This was the toughest political attack on Nigel Farage from a political opponent.
The First Minister chucked more than a milkshake at the Reform leader.
He said Scottish “values were under threat from the politics of Nigel Farage”; he said he was “repulsed by Farage and the far right”; he called him an apologist for Putin; and said his argument against migrants is “fundamentally racist”.
John Swinney announced he is organising a summit in April calling on all party leaders in the Scottish Parliament, churches and trade unions to come together to “protect the country from the bigotry that Farage represents”.
Reform denies it is a far-right party and describes Putin as a “despicable aggressor against Ukraine”.
Reform says this is “desperate stuff” from the First Minister to “deflect from the SNP’s awful record in government”.
Glasgow councillor Thomas Kerr, a recent Reform convert from the Scottish Conservatives, has said he has suffered abuse since his defection, being branded a fascist and a racist.
At the weekend, the Prime Minister launched a scathing attack on Reform in his Scottish Labour Conference speech, saying Farage had voted against workers’ rights in the Commons and would charge people to use the NHS.
The First Minister has stepped up the attack on Wednesday.
The invites to the summit haven’t gone out yet, but the STUC (Scottish Trades Union Congress) is already backing them.
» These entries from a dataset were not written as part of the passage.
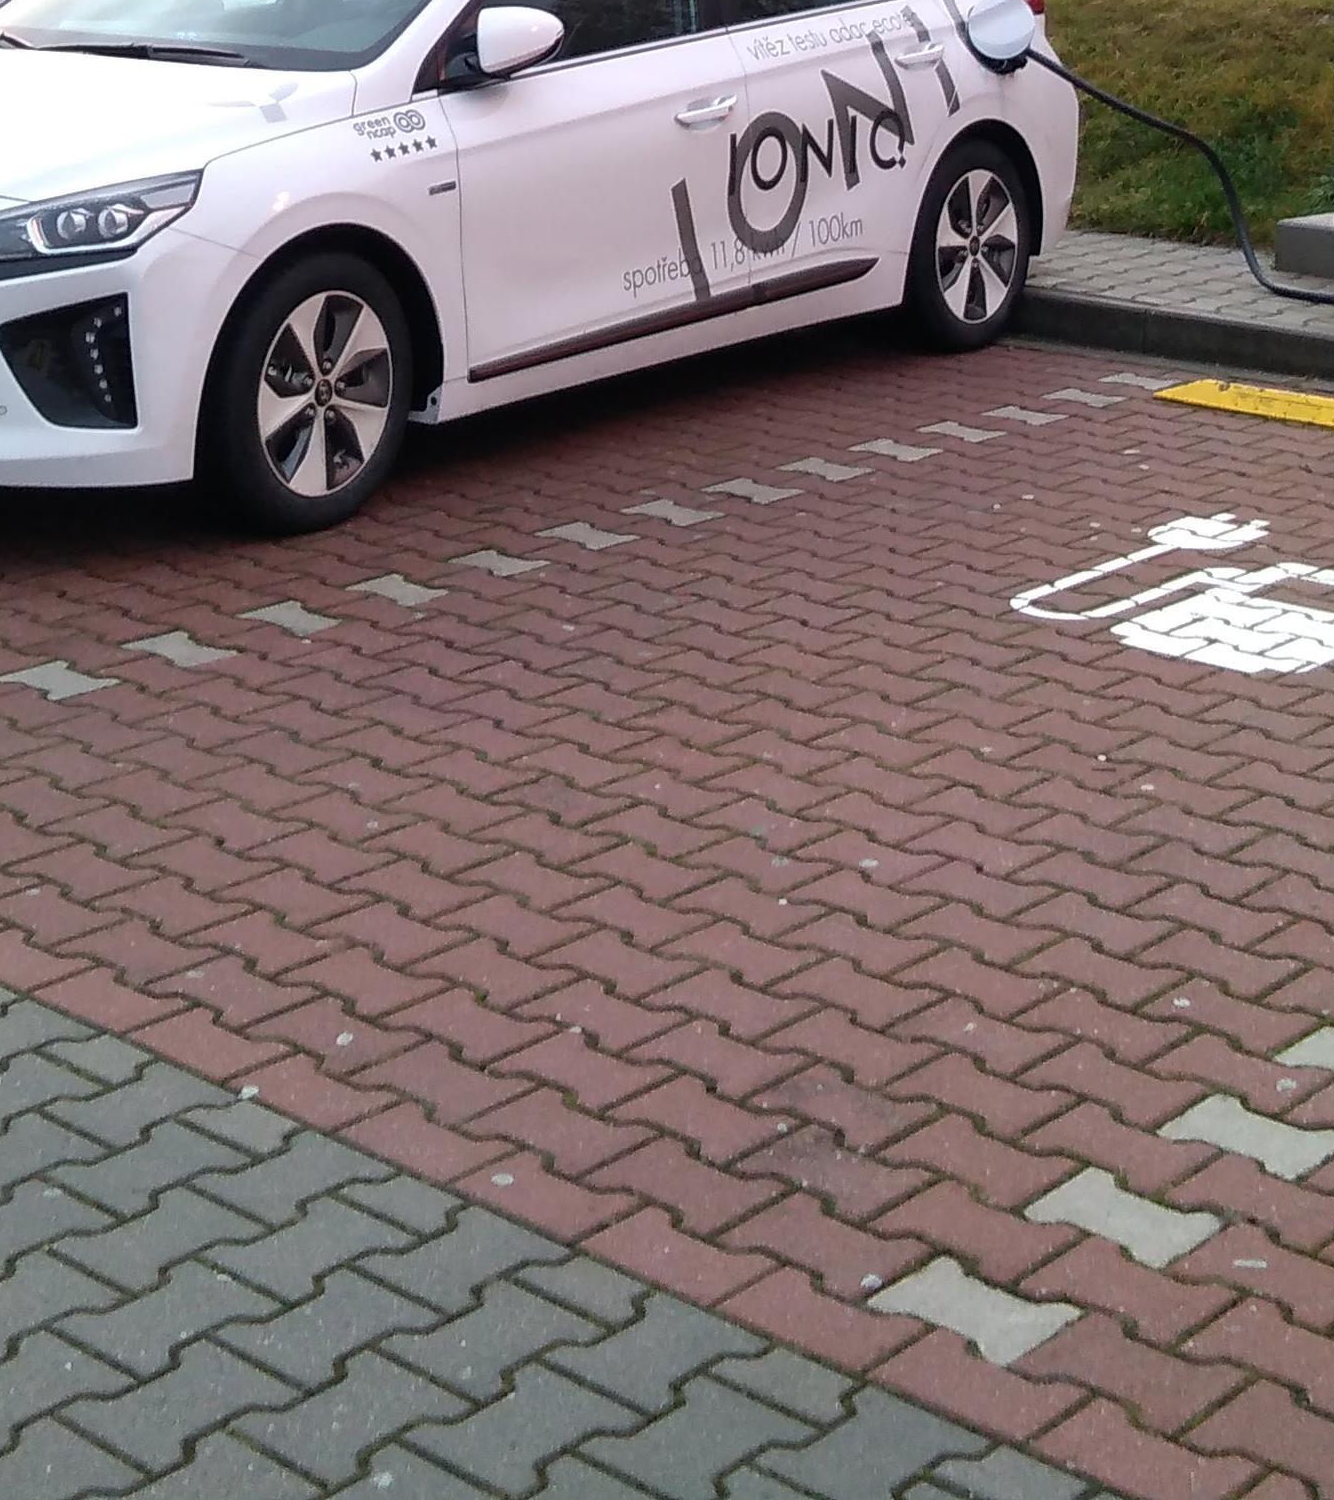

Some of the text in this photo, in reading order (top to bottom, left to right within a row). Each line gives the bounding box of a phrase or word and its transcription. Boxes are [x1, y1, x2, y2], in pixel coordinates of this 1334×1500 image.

[788, 28, 827, 51] testu
[353, 116, 391, 137] green
[366, 126, 397, 140] ncap
[710, 237, 746, 273] 11,8
[808, 211, 864, 248] 100km
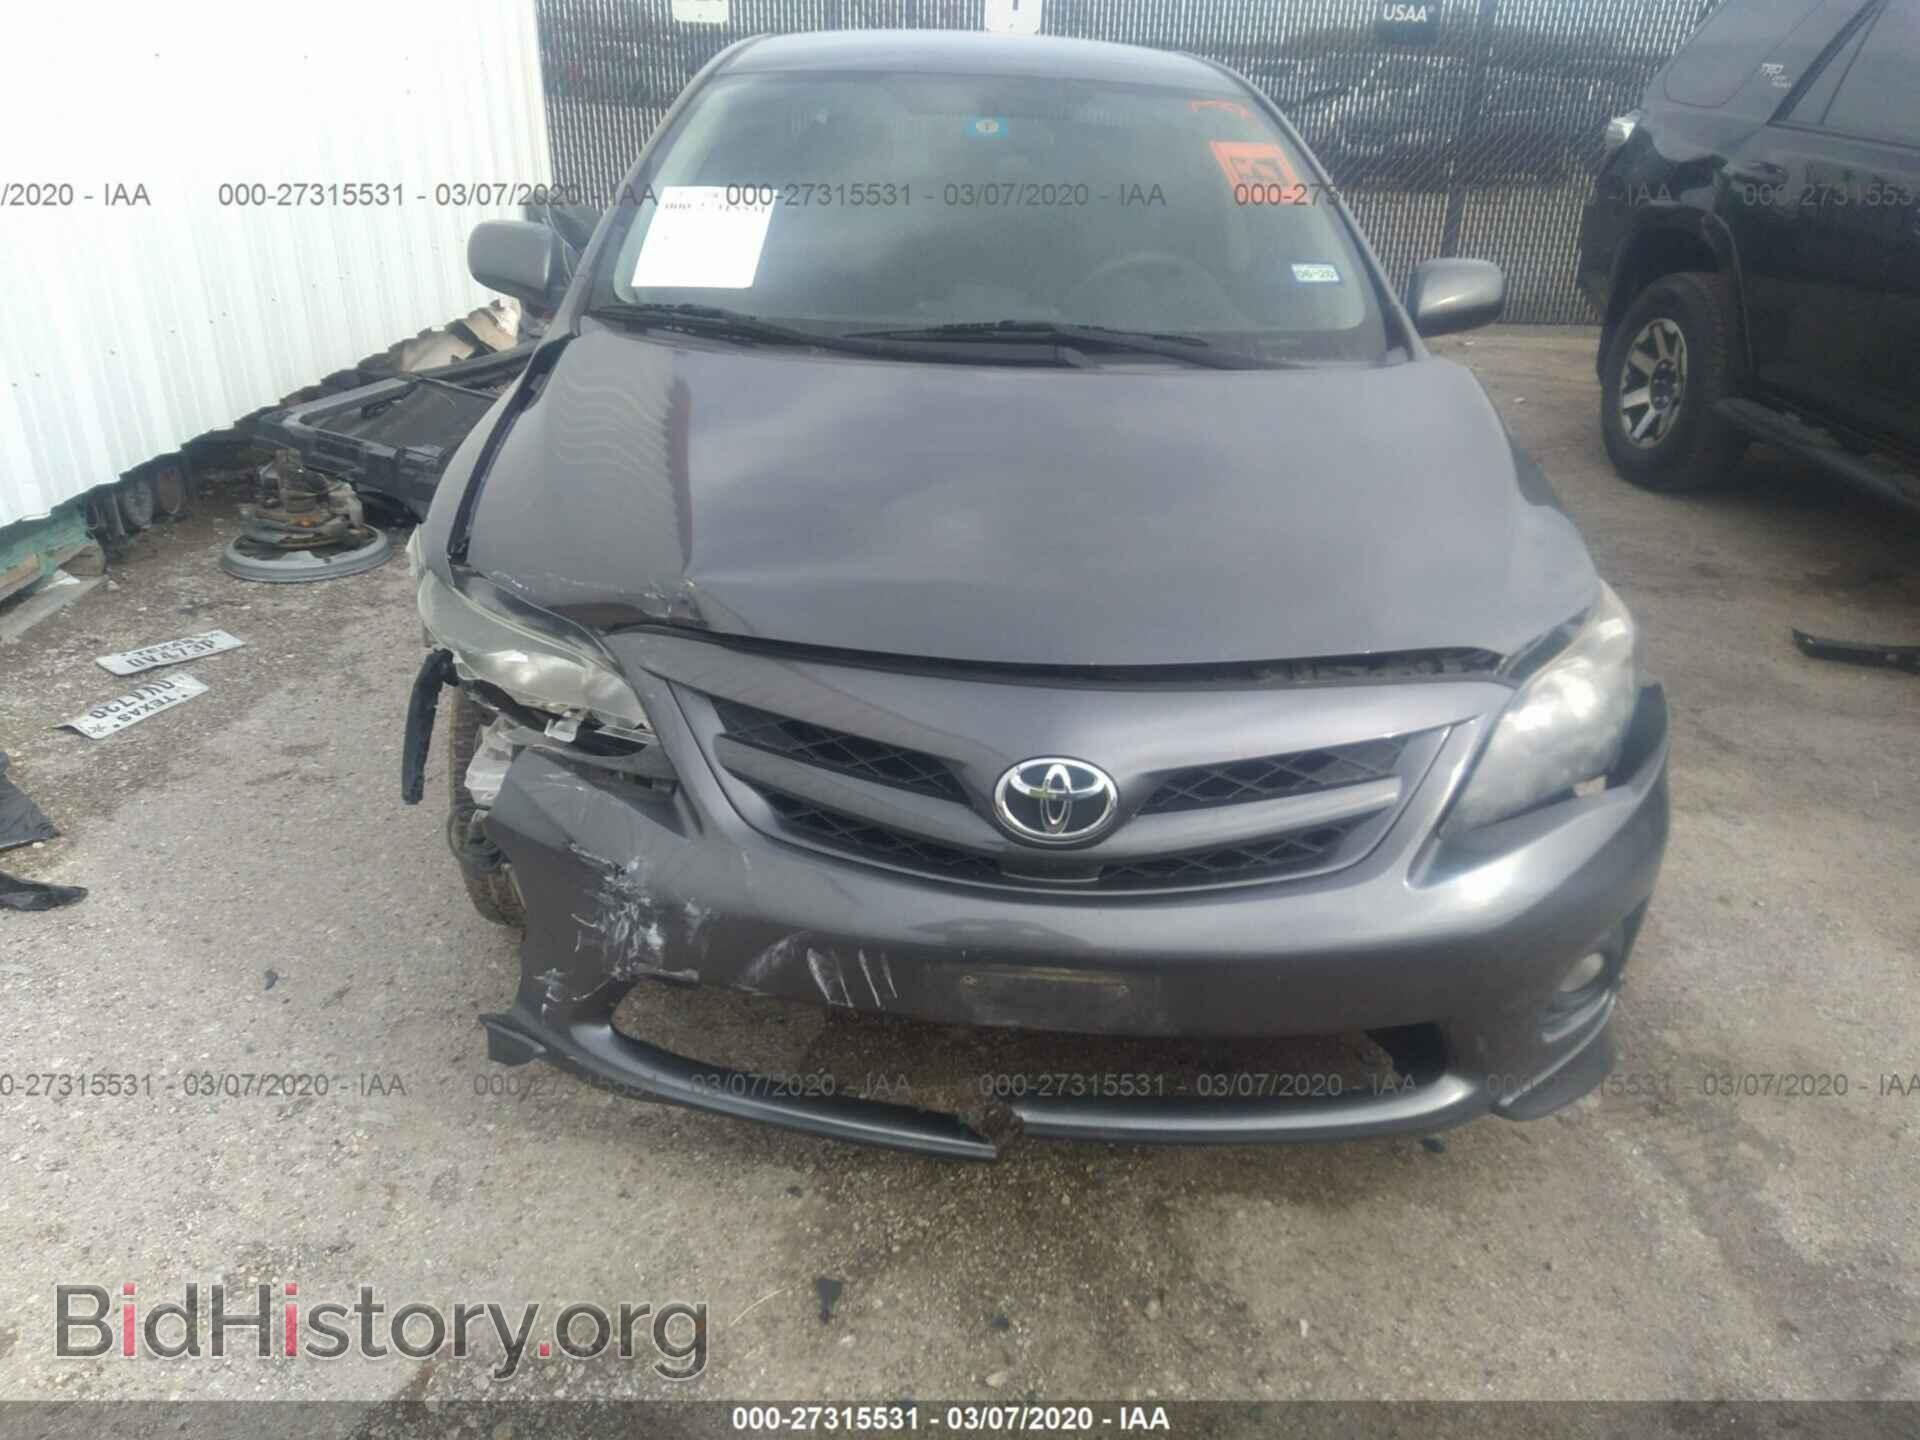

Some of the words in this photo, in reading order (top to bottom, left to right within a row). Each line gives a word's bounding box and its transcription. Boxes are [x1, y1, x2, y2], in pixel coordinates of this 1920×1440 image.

[1383, 4, 1427, 22] USAA
[135, 639, 195, 656] TEXAS
[117, 695, 176, 722] TEXAS
General secretary Roz Foyer said “the threat of the far-right is a real and present danger both in our politics and our communities”.
It’s hard to see any of the other parties at Holyrood turning down the invitation.
However, Scottish Conservative leader Russell Findlay has been railing against the “cosy left-wing consensus at Holyrood”.
In response to the First Minister, a Conservative spokesperson said: “We’ll see what is proposed but we won’t take part in yet another SNP talking shop that achieves nothing.”
Reform is taking votes from all the Holyrood parties. It got 10% in a council by-election in Kilmarnock last week, 15% in Kirkintilloch a couple of weeks ago and almost 23% in Bannockburn a month ago.
Polls suggest Farage’s party could get quite a few MSPs elected next year and that’s really put the wind up all the parties here at Holyrood.